Fig. 4.

Ectopic Abd-B affects Dpp-dependent EMT and progenitor differentiation in the IPC. (A-B′) Unlike in controls (A,A′), dpp-lacZ expression (blue) at the anterior-posterior boundary (arrow) was repressed in Pcl^3-78*38 ELF mosaic wing imaginal discs (B,B′, asterisk). (C-E) Unlike in controls (C), Pcl^3-78*38 ELF mosaics (D) showed small Fas3-positive (red) clusters (arrowheads) close to the p-IPC (dashed line).

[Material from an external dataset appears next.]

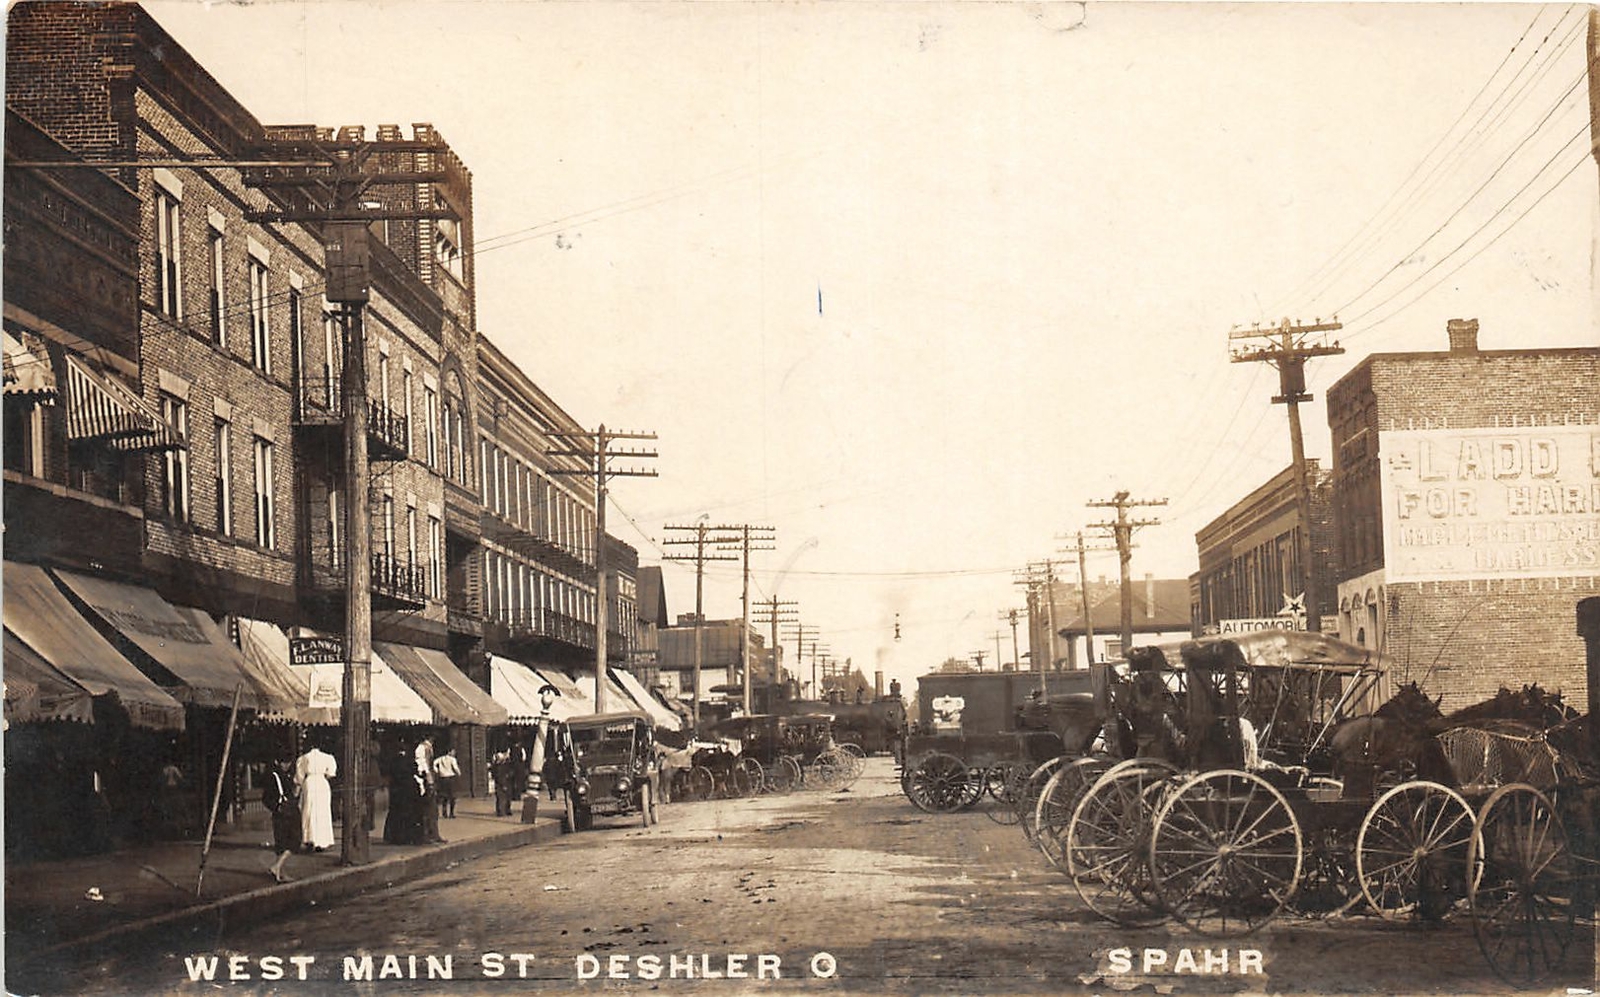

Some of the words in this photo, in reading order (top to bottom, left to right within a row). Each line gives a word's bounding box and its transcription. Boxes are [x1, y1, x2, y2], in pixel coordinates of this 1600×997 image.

These were dpp-lacZ negative (blue, D′) and Abd-B positive (red, E, inset). (F) hs-FLPout clones (green) expressing ectopic Abd-B formed small clusters (arrowheads) adjacent to p-IPC (dashed line) subdomains and downregulated dpp-lacZ (blue; inset, white; arrowheads). (G) Model of Pcl function in p-IPC subdomains. (H-J′) Progenitor cell streams between the p-IPC and d-IPC in esg^MH766-Gal4, UAS-cd8GFP (green) animals did not express Ase (blue) (H,H′). Pcl^3-78*38 mutant progenitors (green) generated by MARCM ectopically expressed Ase (blue, arrows) (I,I′). Ectopic expression of Abd-B using the hs-FLPout approach had the same effect (J,J′, arrows). For genotypes and sample numbers, see Table S1. Scale bars: 50 µm.